After the UN climate change summit in Durban in December I wrote, our current glacial progress in tackling global warming is piling costs and hardship onto our descendents in a way that will make the current global debt crisis seem minor by comparison. The changes to our economic, food, energy and water systems needed to adapt to changing climate get more expensive the longer we leave them. So ideas about how to represent the interests of people yet to exist are welcome.

I asked Read why he took on the issue. "It came from the worry that it is clear that the current institutions of government are not working and are not future proof," he said. "It also came from a philosophical direction: seeking for a way take the future seriously and in a democratic way."

"The proposal being made here is that we give future people en masse the nearest possible equivalent to the vote," he says. The need for democratic representation of unborn people led Read to the idea of a "super-jury". "Random selection would emphasise that we all share this responsibility for future people, and that none of us and all of us are ideally placed to do this vital job," he writes in the report.
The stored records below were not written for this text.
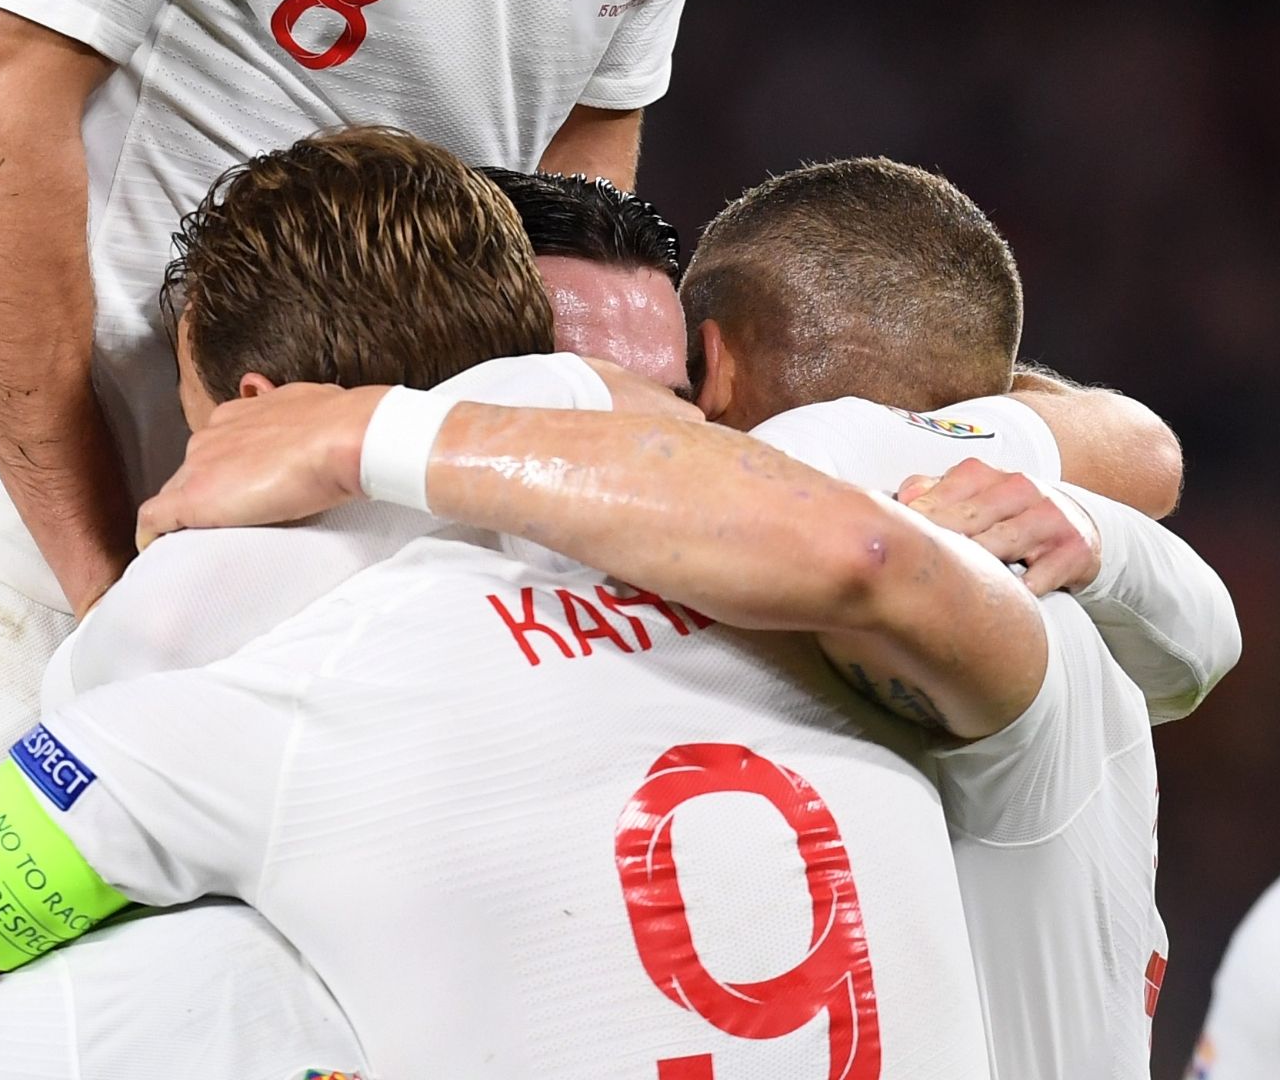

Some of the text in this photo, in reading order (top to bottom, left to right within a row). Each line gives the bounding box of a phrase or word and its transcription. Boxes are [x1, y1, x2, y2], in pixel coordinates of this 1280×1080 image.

[486, 580, 718, 667] KAN
[16, 853, 47, 890] TO
[42, 891, 94, 933] RAC
[614, 742, 882, 1080] 9
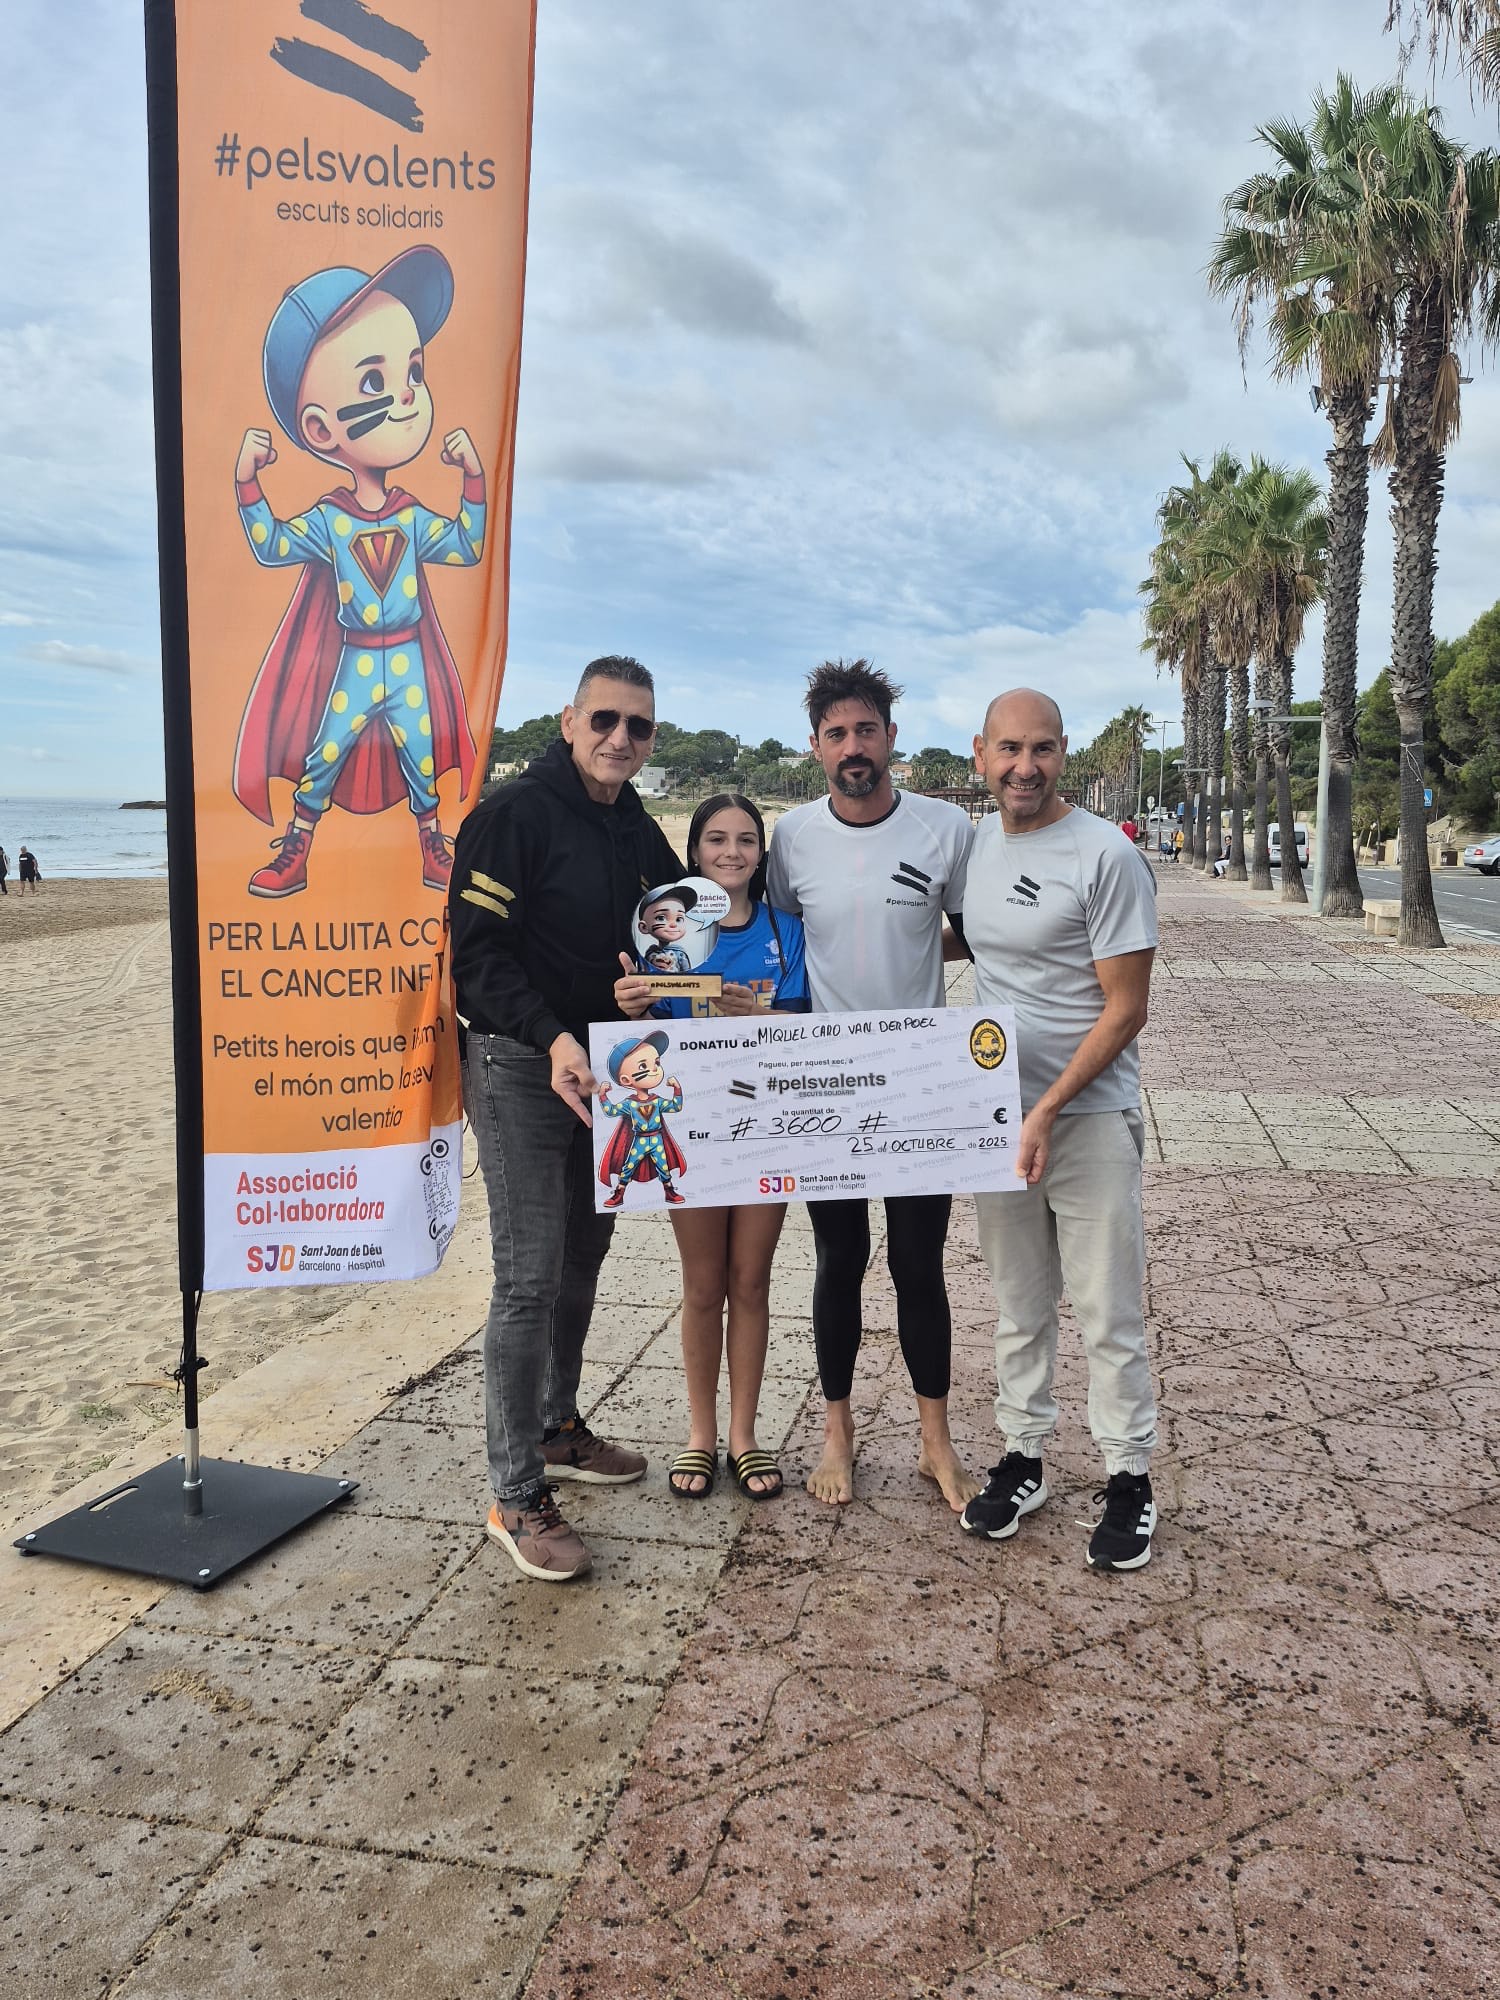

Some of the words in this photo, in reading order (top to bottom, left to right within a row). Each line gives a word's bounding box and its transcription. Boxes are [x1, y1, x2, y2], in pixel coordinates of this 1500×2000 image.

Read accepts the idea of a powerful legal body protecting future people will be seen as extreme. "It is a very radical idea but many great ideas in history were once seen as outlandish," he says. When the Green Party, of which Read is a member and a former councillor, started promoting recycling in the 1970s and 1980s, he says "people laughed at and ridiculed us - now it is taken for granted."

Read also cites the abolition of slavery as an idea that was seen as ludicrous for centuries and draws a parallel with the rights of future people. "You could say, in effect, that we are at risk of enslaving future people by condemning them to a future far worse than now. They will have to work far harder to live and that is, in effect, slavery."

The idea of Guardians of Future Generations joins a number of radical ideas which are starting to make small but real impacts in the world. Hungary appointed an Ombudsman for Future Generations in 2008. The concept of the crime of ecocide is being considered by the UN. And Bolivia has passed laws giving nature equal rights to those of humans.

Read says he wants to get people talking about the idea of protecting the rights of future generations, rather than set in stone specific structures. "This is an attempt to start a debate, rather than present a definitive proposal," he says.

However, as the report itself notes, the issue is an old one, with Edmund Burke writing in 1790: "[Society is] a partnership not only between those who are living, but between those who are living, those who are dead, and those who are to be born." With the threat of climate change looming ever greater, is it finally time to turn these ideas into action?

The Guardians for Future Generations will be launched at the House of Commons on 10 January 2012, with the meeting hosted by Caroline Lucas MP, leader of the Green Party, and addressed by Liberal Democrat minister Norman Baker MP and Labour's Jon Cruddas MP. The report can be purchased now for £1.80 and will be available for free after 10 January on the Green House website.